══ EXTRACTED INFORMATION
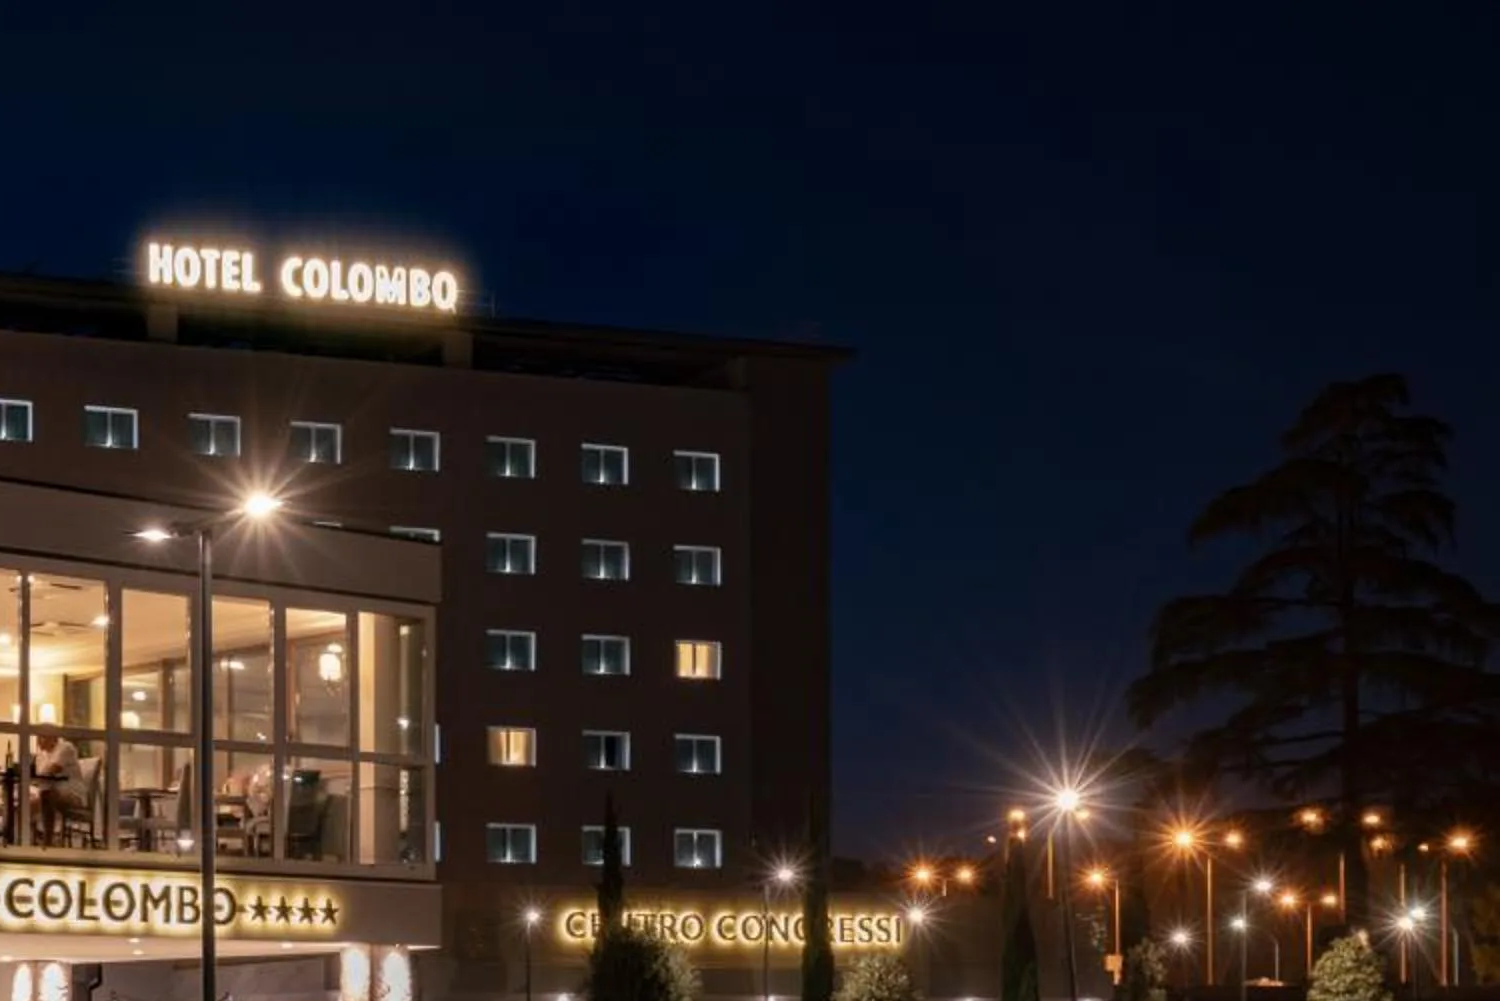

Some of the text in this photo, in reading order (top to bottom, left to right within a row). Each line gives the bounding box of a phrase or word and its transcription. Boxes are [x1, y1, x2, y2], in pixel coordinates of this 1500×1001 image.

[148, 242, 458, 312] HOTEL COLOMBO
[3, 876, 237, 926] COLOMBO
[565, 911, 705, 941] CETRO
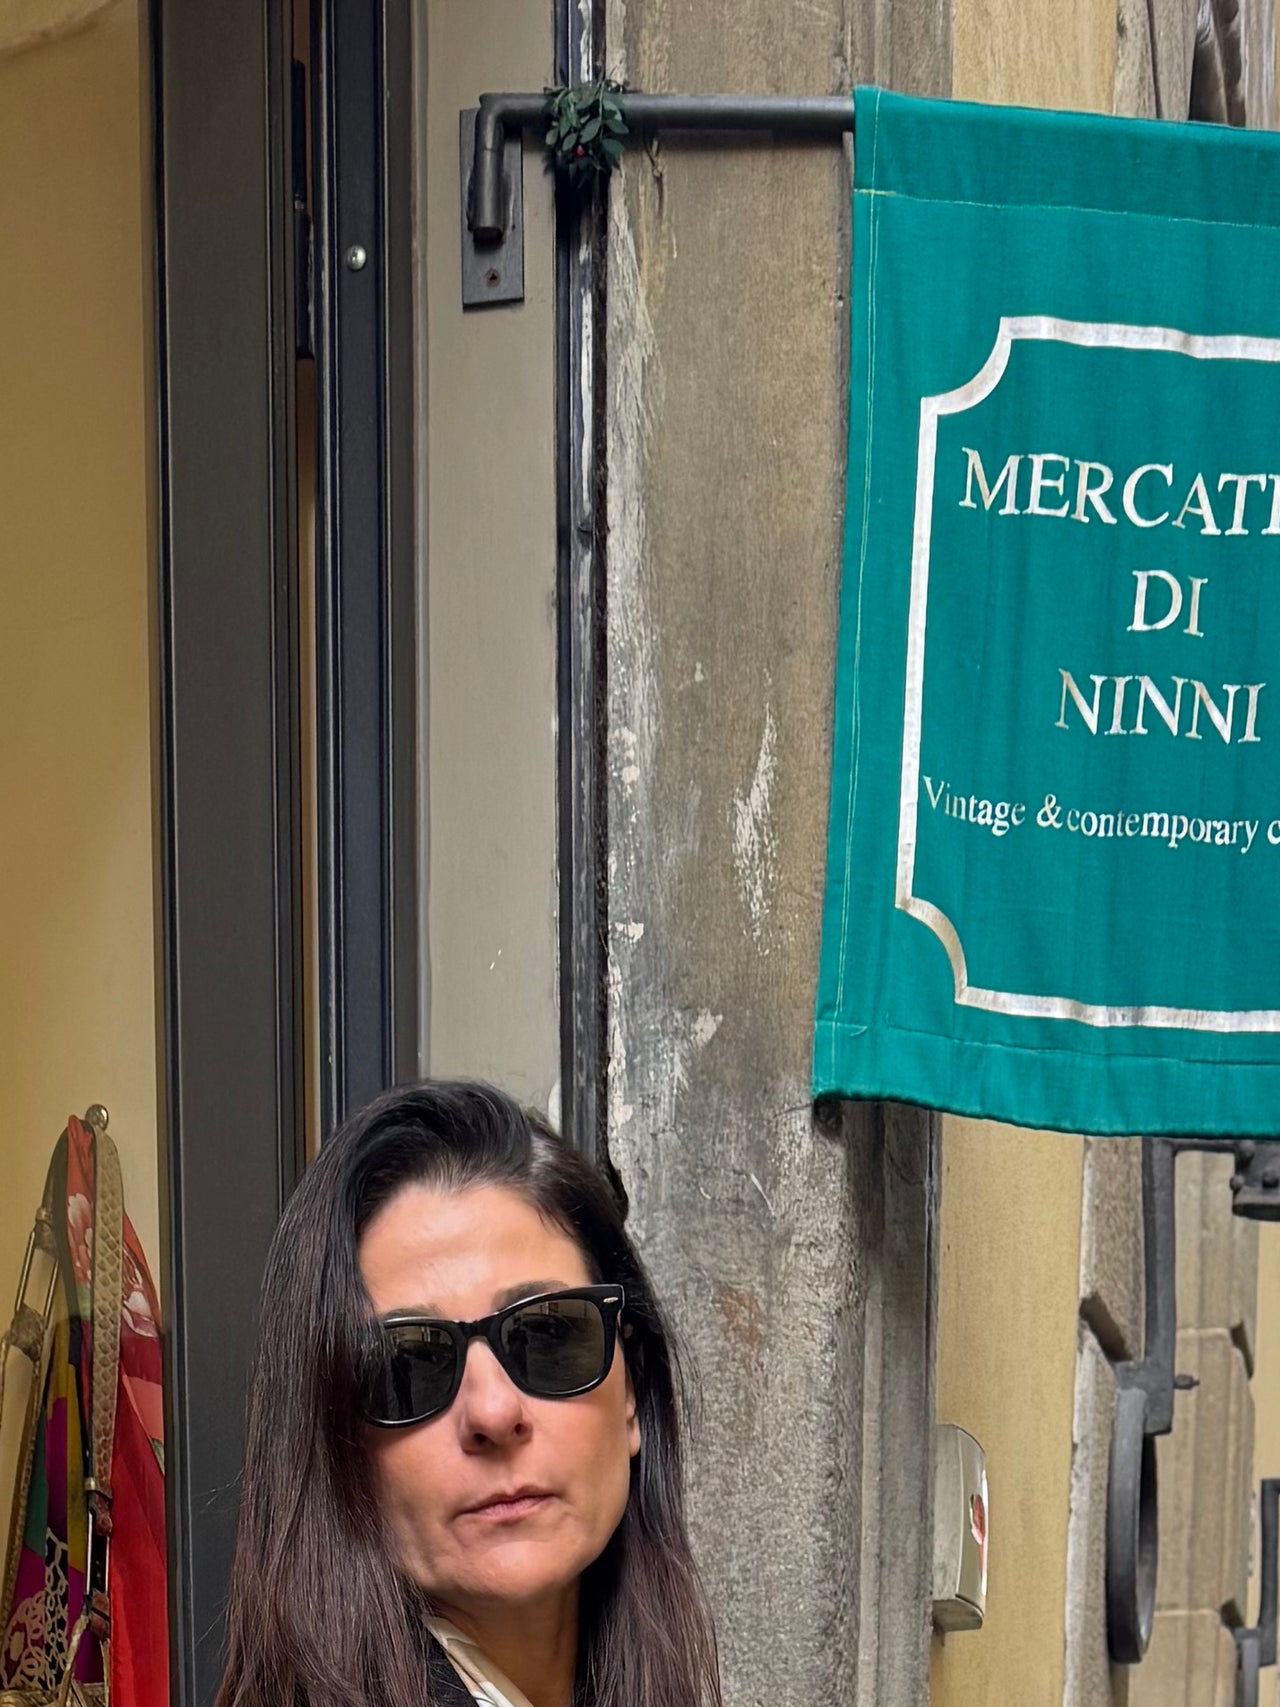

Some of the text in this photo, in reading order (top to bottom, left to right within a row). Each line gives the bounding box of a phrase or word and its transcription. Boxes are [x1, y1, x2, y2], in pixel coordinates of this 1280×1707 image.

[1127, 569, 1208, 639] DI
[1055, 670, 1266, 745] NINNI
[923, 775, 1026, 836] Vintage
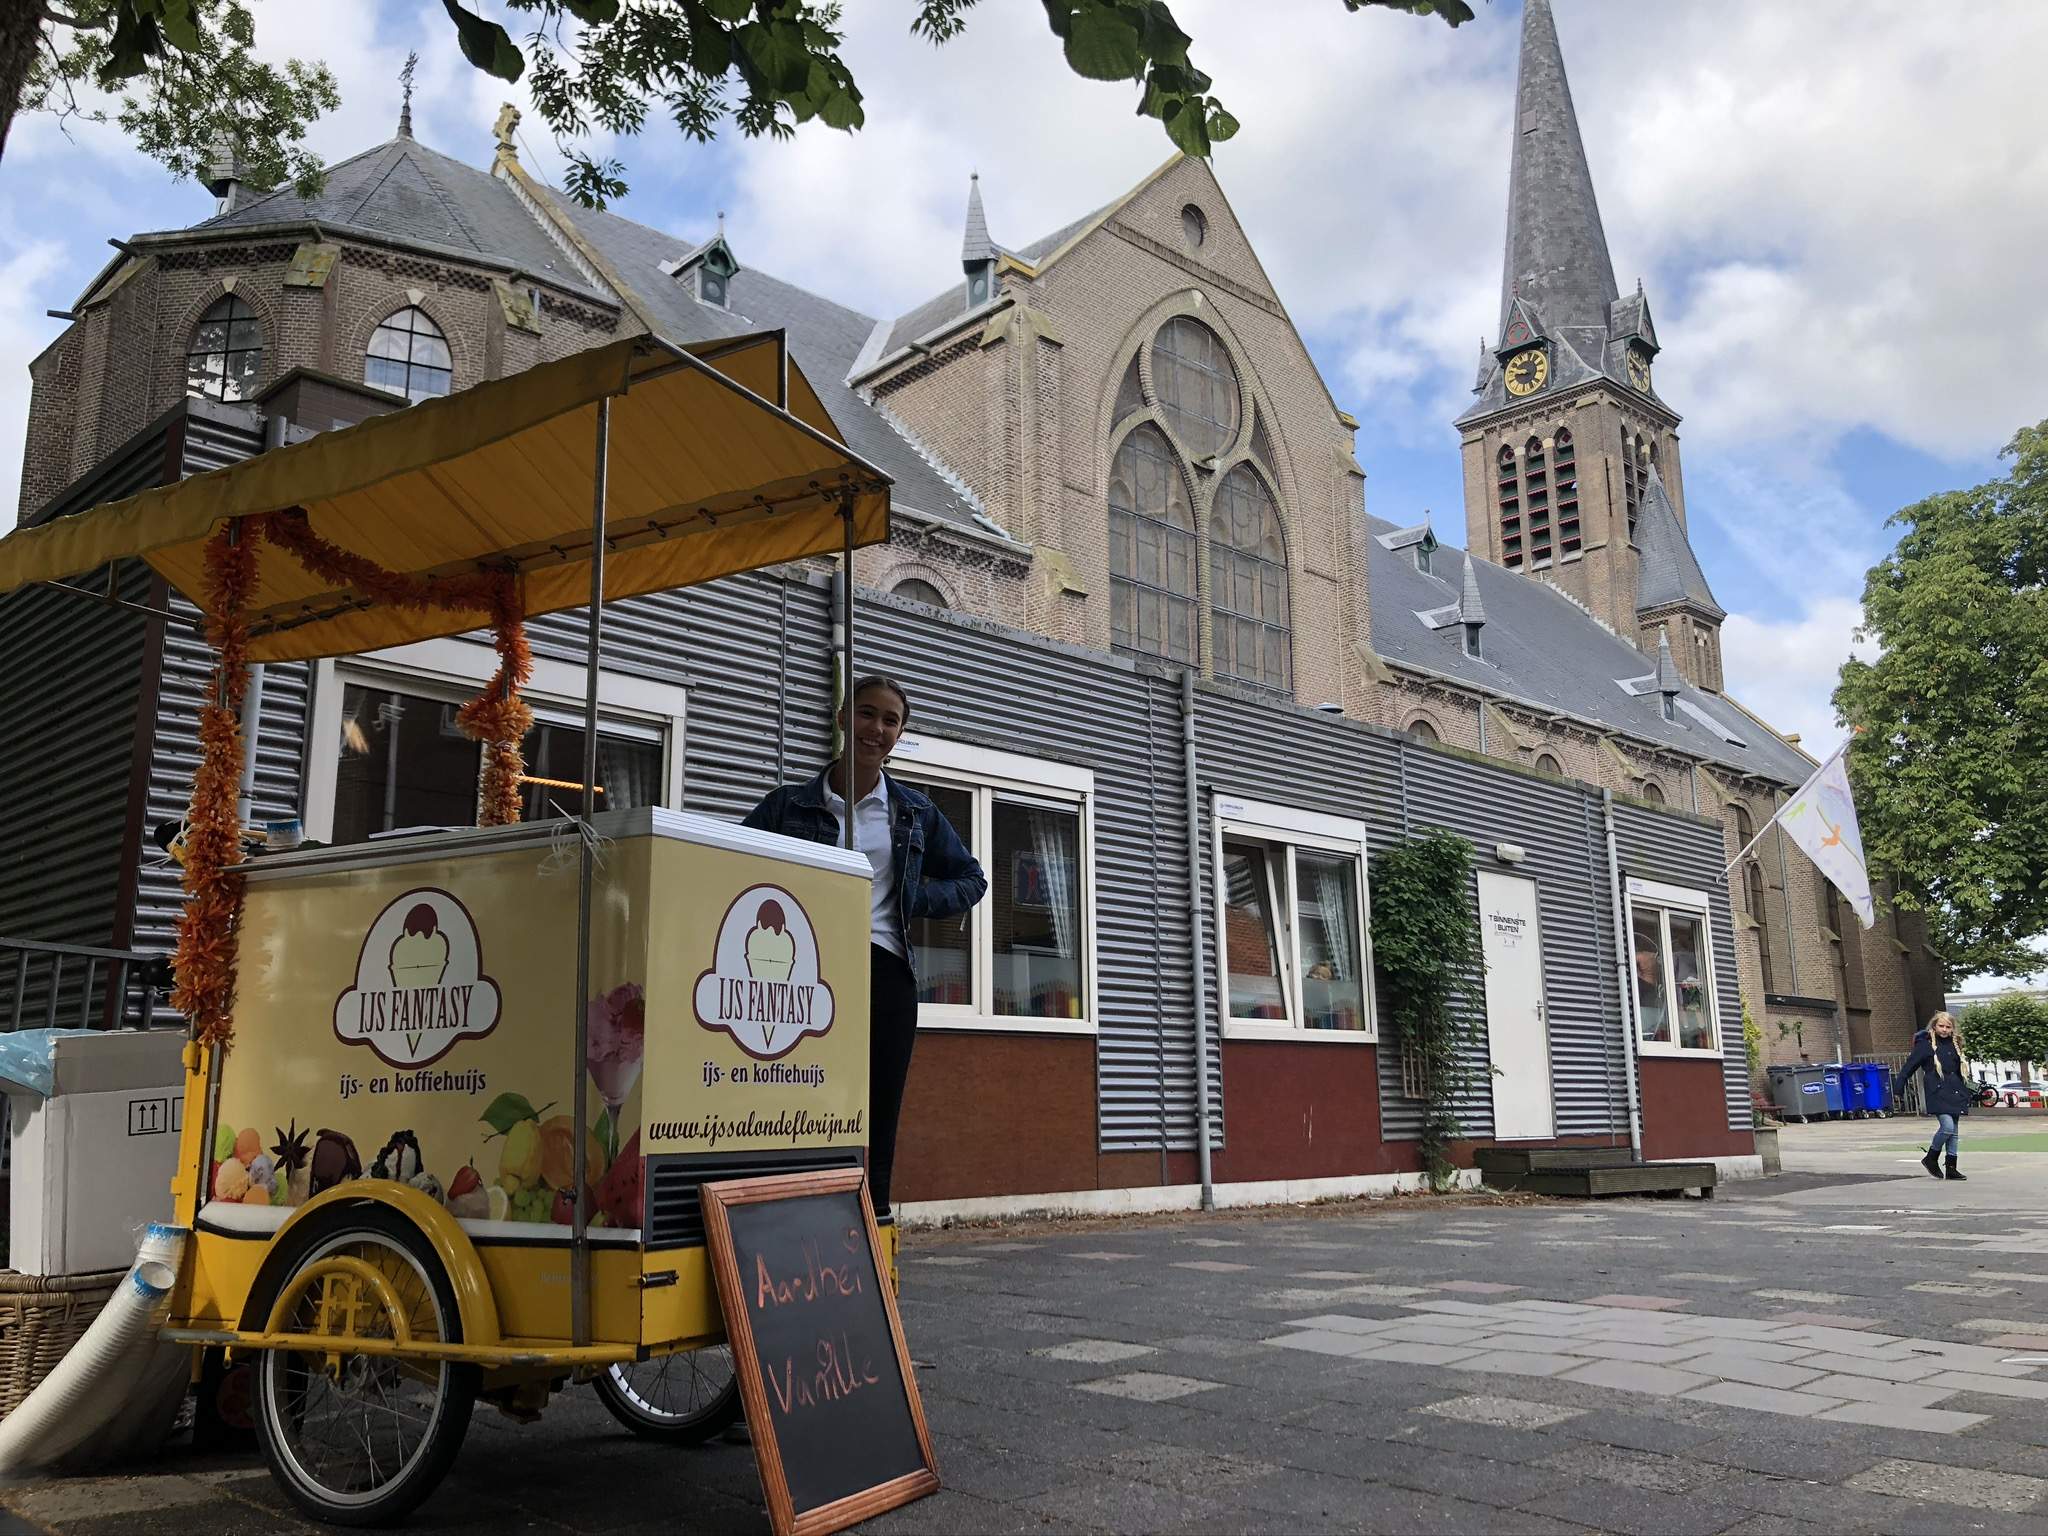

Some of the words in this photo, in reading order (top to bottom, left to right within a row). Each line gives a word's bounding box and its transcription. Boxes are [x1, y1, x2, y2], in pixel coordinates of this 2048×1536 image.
════
**WHAT TO WORK ON:** The reply should reproduce every entry above word for word and contain no pictures.

**WRITTEN SOLUTION:**
Some of the text in this photo, in reading order (top to bottom, left to right within a row). Each line gives the bounding box of a phrase or word and its transcription. Boxes are [x1, y1, x2, y2], in pixel coordinates of this 1500×1001 image.

[148, 242, 458, 312] HOTEL COLOMBO
[3, 876, 237, 926] COLOMBO
[565, 911, 705, 941] CETRO

Some of the text in this photo, in reading order (top to bottom, left to right within a row). Each line gives the bounding box of a phrase or word and its transcription. Boxes are [x1, y1, x2, y2], in pixel coordinates of this 1280×1707 image.

[1127, 569, 1208, 639] DI
[1055, 670, 1266, 745] NINNI
[923, 775, 1026, 836] Vintage

Some of the words in this photo, in reading order (top to bottom, left to right within a row). Each line gives a word's bounding box and its transcription. Boxes are [x1, y1, x2, y2], in pixel coordinates of this 2048×1536 image.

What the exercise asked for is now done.